When Forbes.com reprinted some paltry statistical information (mostly outdated and inaccurate) and a hilariously lengthy article directed at men that begged them-no, pleaded with them, not to marry a woman who dared set foot outside of the kitchen and laundry room to take a job of her own, the feminist blogosphere struck back in fine force, and it wasn’t just the feminists either, a whole world of bloggers, commenters, and journalists flooded Forbes with comments both refuting the information in the article and lambasting them for publishing it in the first place. Forbes then had to back down from the story and publish an “alternative viewpoint” in the form of a rebuttal after the fact.
I read the article, and rolled my eyes as it regurgitated the same silly concepts and annoying myths that have come to the fore every so many years when men in the workplace yearn for the “good old days” of the 1950s when they ruled the home and the office, and could slap their secrtaries’ asses by day and beat their wives by night without so much as a societal blink. Oh, the good old days, when women weren’t allowed to think for themselves, eh Forbes?
Here’s to the bloggers and feminists who took Forbes to task about the issue. Two of these fine authors begin their story as such:
The two of us–my coauthor Rosalind Barnett and I–are standing on a mountaintop, being attacked by a huge, winged chimera with an enormous head and a mouth that keeps chanting, “Working women are miserable. Their marriages are terrible. Their husbands are miserable. Their children are wrecks.”
We deftly slice off the beast’s head with a sharp sword. Instantly 20 more heads appear to take its place, each chanting, “Working women are miserable . . . their marriages are terrible . . . ”
For the media, it is the story that simply will not die.
Sadly, it is indeed a myth that won’t die. Built on the shadiest and most politically motivated “sociological studies,” the stories claim to have the evidence to tell women to take off those shoes and get back in the kitchen and start rolling some pie crust. But the problem is not just with the assertions in the articles, but with the “science” that’s gone into the “studies” themselves. Let’s take a look:
Meanwhile, Slate media critic Jack Shafer weighed in, with a story headlined “Forbes’ Female Trouble. So what if career women are divorces waiting to happen?”
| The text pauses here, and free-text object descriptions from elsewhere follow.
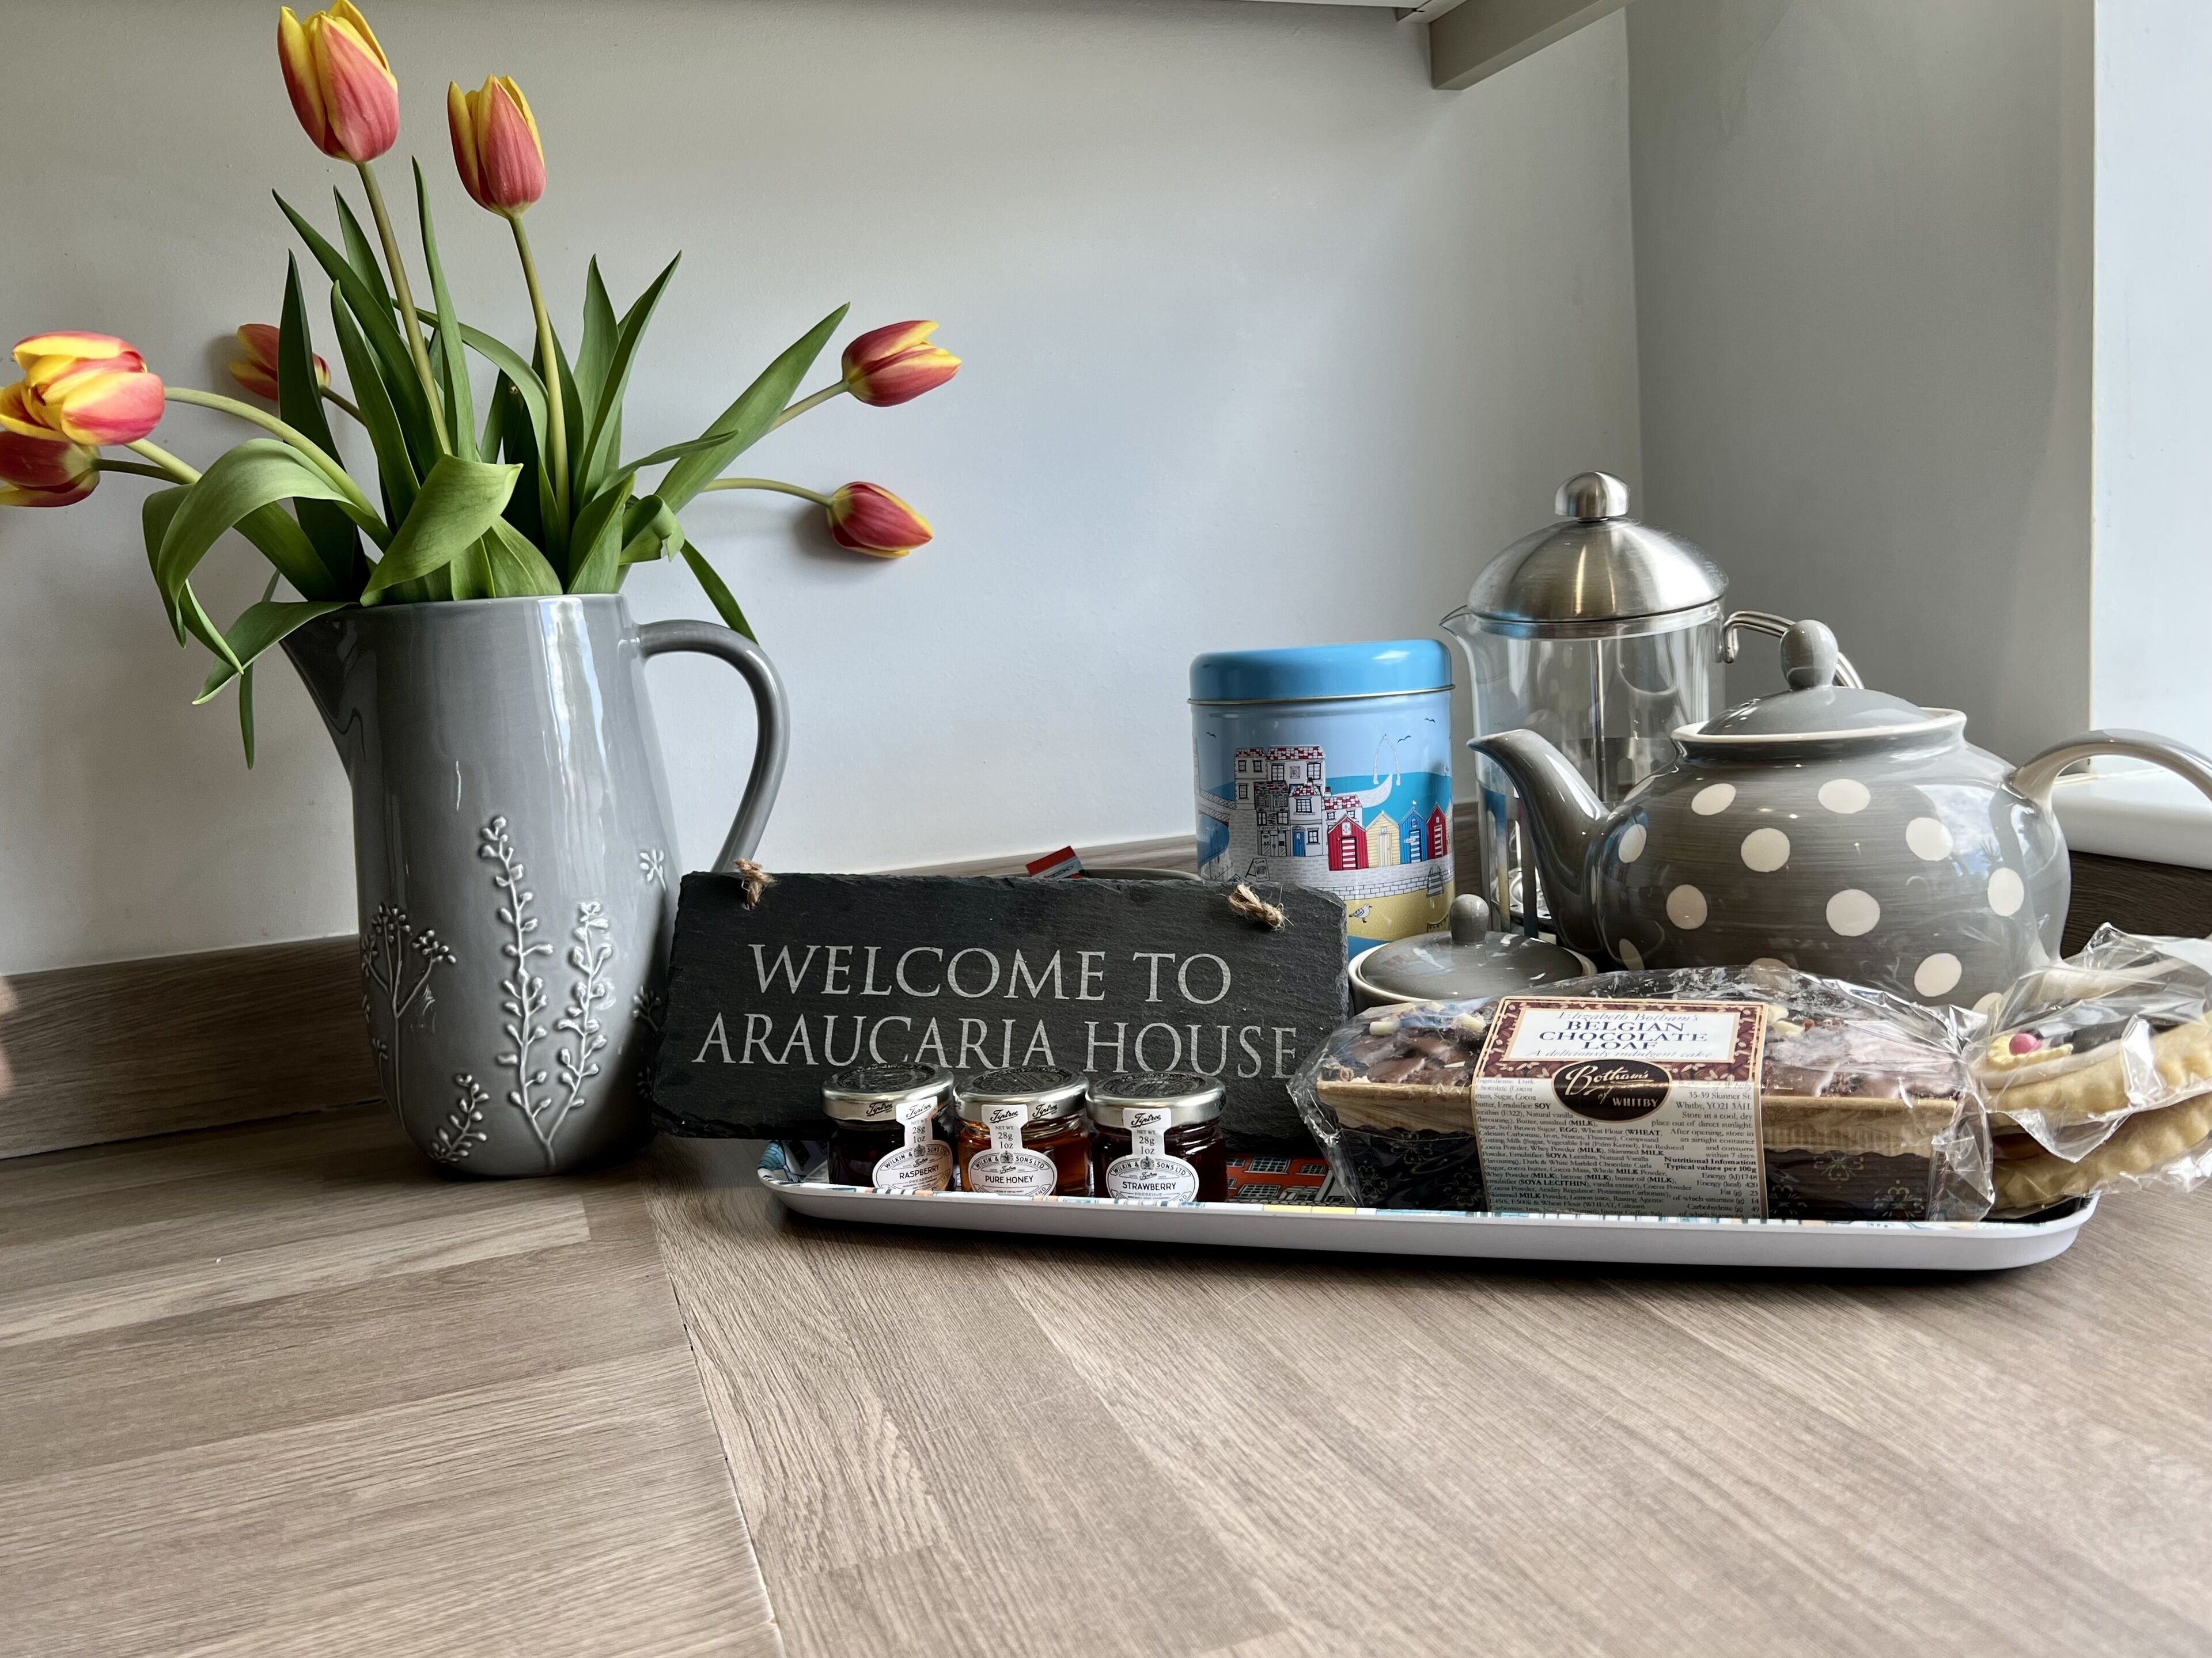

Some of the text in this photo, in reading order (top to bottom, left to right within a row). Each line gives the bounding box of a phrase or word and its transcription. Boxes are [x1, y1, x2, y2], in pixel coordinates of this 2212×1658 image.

[748, 944, 1231, 1004] WELCOME TO
[1558, 1012, 1699, 1022] Elizabeth Botham's
[1566, 1020, 1685, 1031] BELGIAN
[1539, 1031, 1708, 1042] CHOCOLATE
[692, 1012, 1297, 1079] ARAUCARIA HOUSE
[1581, 1041, 1658, 1050] LOAF
[1546, 1049, 1611, 1058] deliciously
[1615, 1050, 1676, 1059] indulgent
[1565, 1065, 1649, 1096] Botham's
[1494, 1093, 1514, 1101] Sugar,
[1711, 1092, 1740, 1100] Skinner
[1475, 1101, 1496, 1109] butter,
[1613, 1097, 1658, 1107] WHITBY
[1676, 1101, 1728, 1111] Whitby, YO21
[906, 1103, 931, 1120] Tiptree
[990, 1109, 1018, 1124] Tiptree
[1130, 1113, 1161, 1128] Tiptree
[1719, 1113, 1738, 1121] cool,
[1740, 1113, 1753, 1121] dry
[1569, 1120, 1598, 1128] (MILK),
[1722, 1121, 1753, 1129] sunlight.
[912, 1126, 926, 1134] 28g
[1625, 1129, 1663, 1137] (WHEAT,
[1691, 1129, 1724, 1137] opening,
[998, 1132, 1013, 1141] 28g
[1139, 1136, 1155, 1146] 28g
[1000, 1141, 1014, 1149] 1oz
[1141, 1146, 1155, 1155] 1oz
[884, 1154, 905, 1169] WILKIN
[975, 1156, 992, 1167] WILKIN
[1016, 1156, 1033, 1164] SONS
[1033, 1160, 1045, 1168] LTD
[899, 1164, 939, 1179] RASPBERRY
[1112, 1163, 1131, 1174] WILKIN
[1157, 1162, 1174, 1172] SONS
[1175, 1167, 1186, 1175] LTD
[1665, 1163, 1694, 1171] Typical
[985, 1175, 1033, 1183] PURE HONEY
[1122, 1181, 1176, 1190] STRAWBERRY
Shafer rightly said the original Forbes piece was largely junk and noted “the Web site entries appear to be a holding pen for crap Noer couldn’t shoehorn into his overstuffed thesis.” Noer included studies irrelevant to this thesis. One, for example, found that higher-income people cheat more in marriage.
But Shafer claimed he didn’t understand why women got so upset over the article, saying, “I’ve yet to read a blog item or a protesting e-mail from a reader that convinces me that the article, as opposed to the deliberately provocative headline, really insults women, career or otherwise.”
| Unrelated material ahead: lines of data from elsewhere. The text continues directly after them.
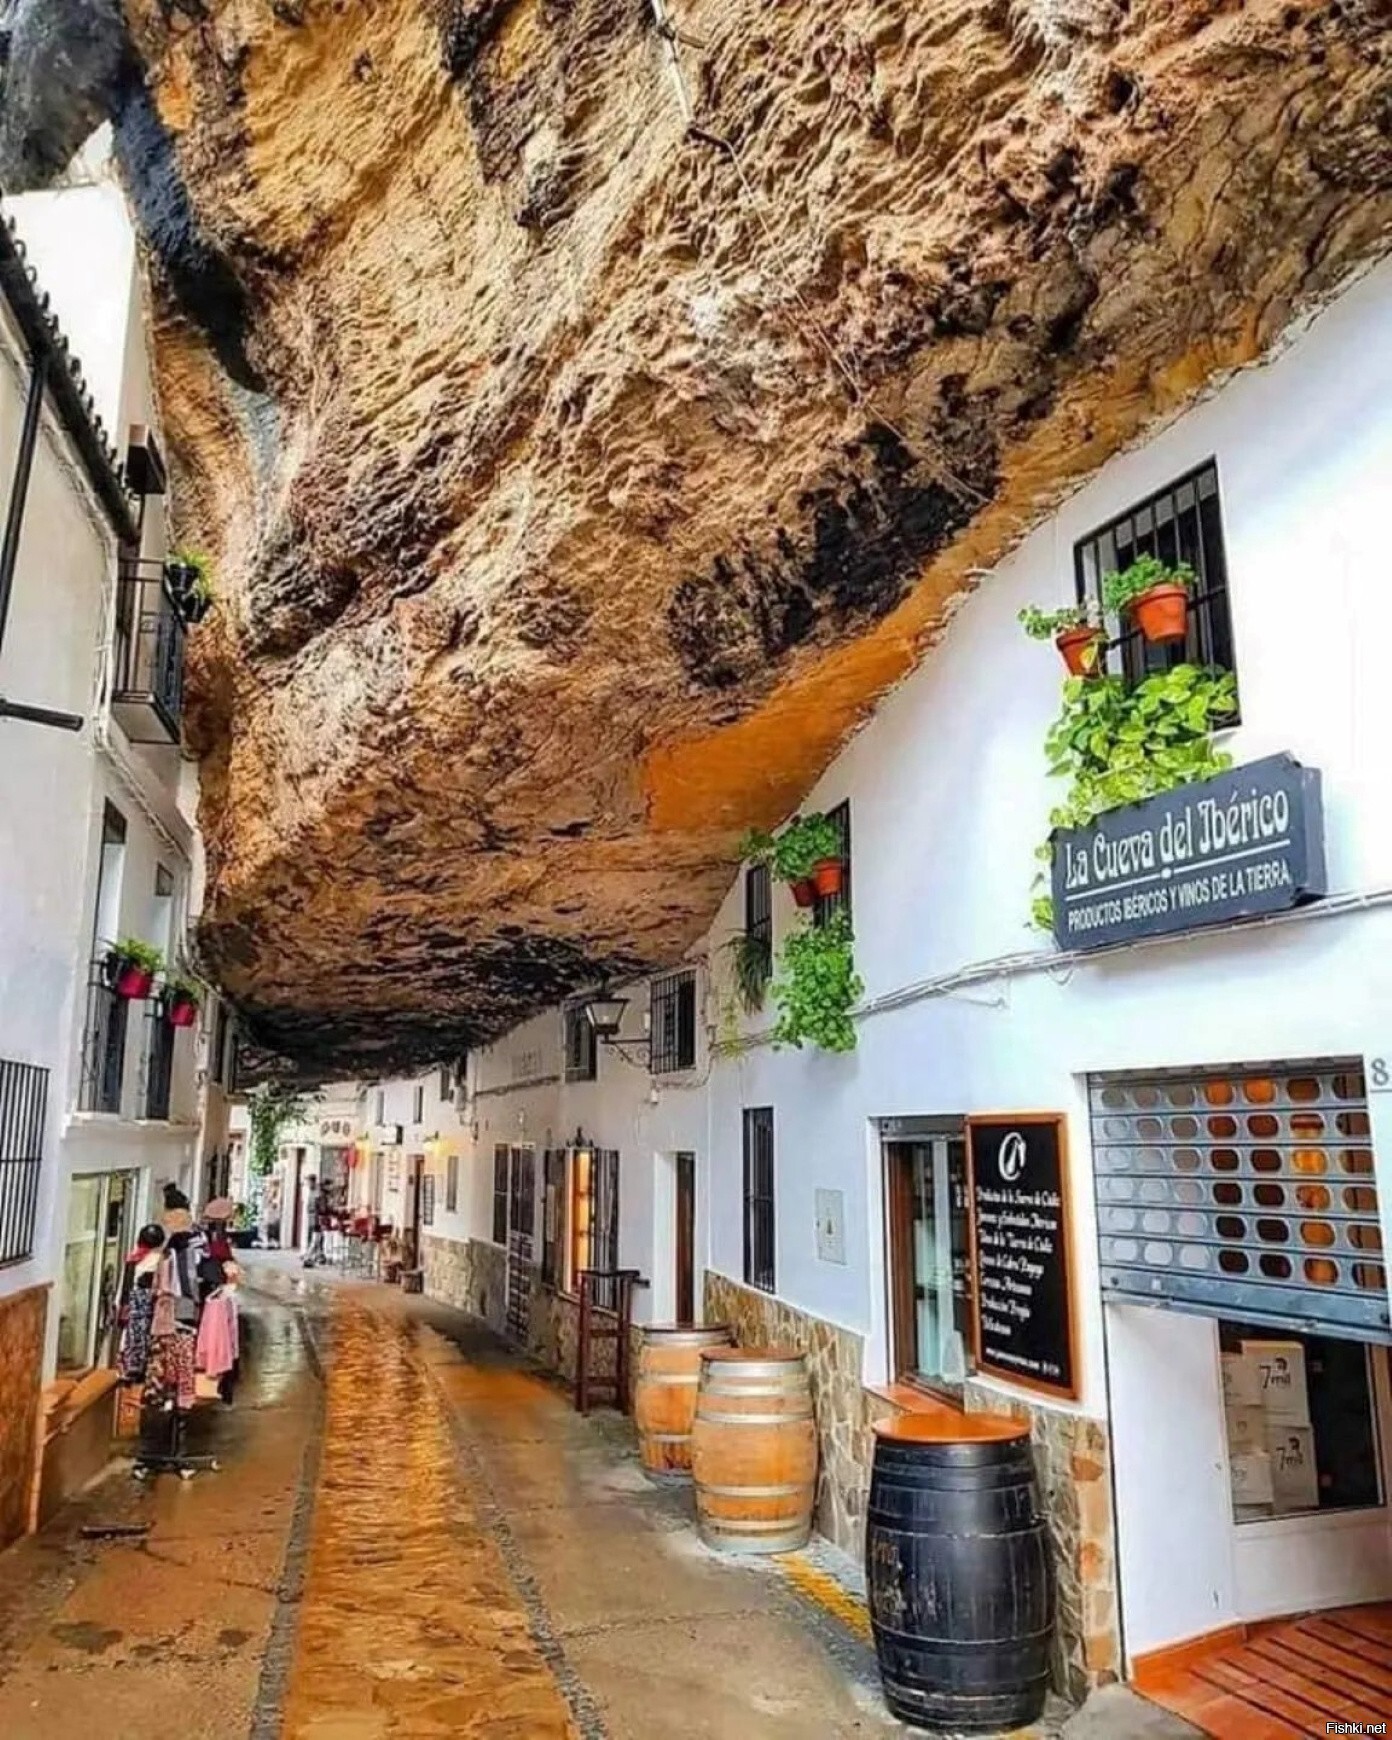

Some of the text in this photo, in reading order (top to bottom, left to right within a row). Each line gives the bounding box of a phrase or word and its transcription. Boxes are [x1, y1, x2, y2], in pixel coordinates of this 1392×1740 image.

[1065, 843, 1089, 889] La
[1093, 831, 1155, 881] Cueva
[1160, 806, 1193, 863] del
[1068, 899, 1122, 933] PRODUCTOS
[1168, 885, 1178, 912] Y
[1178, 877, 1210, 909] VINOS
[1212, 873, 1228, 901] DE
[1229, 869, 1246, 897] LA
[1246, 857, 1293, 894] TIERRA
[1371, 1058, 1389, 1087] 8
To which Jennifer Pozner, executive director of Women In Media and News and occasional commentator for Women’s eNews, responded: “He hasn’t been convinced that the article insults women? Really? Even after all these women online and on radio have said outright that it’s insulting?”
Shafer is right with his commentary, but herein lies a problem with that kind of logic. Shafer, you should know better-when women say they’re offended, they’re offended. They don’t need someone else’s, specifically yours, or any man’s permission, to be offended at something. They know how to think for themselves. Let’s move on, now to the hard science:
We have spent more than two decades researching the lives of working women, and written four books on the subject. We can reliably report that there is a growing consensus based on solid research that if a woman has a good job, the marriage benefits.
Jack Shafer says he “won’t quarrel” with Noer’s advice to men that “You’ll be unhappy if she makes more than you.” Shafer should quarrel, because Noer’s science is sloppy. Today, some 42 percent of college-educated married women out-earn their husbands. Are these marriages falling apart? Not according to recent divorce data. These marriages are as stable as those in which husbands earn more.
Noer appears to rely, for his contention that men are unhappy with career women, on a study based on data from the early 1990s by University of Virginia researchers. But this study says nothing at all about men’s happiness. It reports that women can be unhappy in marriage if they earn more than their husbands, if there is an unfair division of household labor and if men fail to do the “emotional work” to sustain the marriage.
Well then. Regurgitating half-facts and old research data and claiming that it’s recent and relevant sadly won’t make the case anymore, folks-the “good old days” good old boys will have to do better than that. That is, assuming they can fudge enough data to make it look at all truthful. Looks like they have quite the job ahead of them.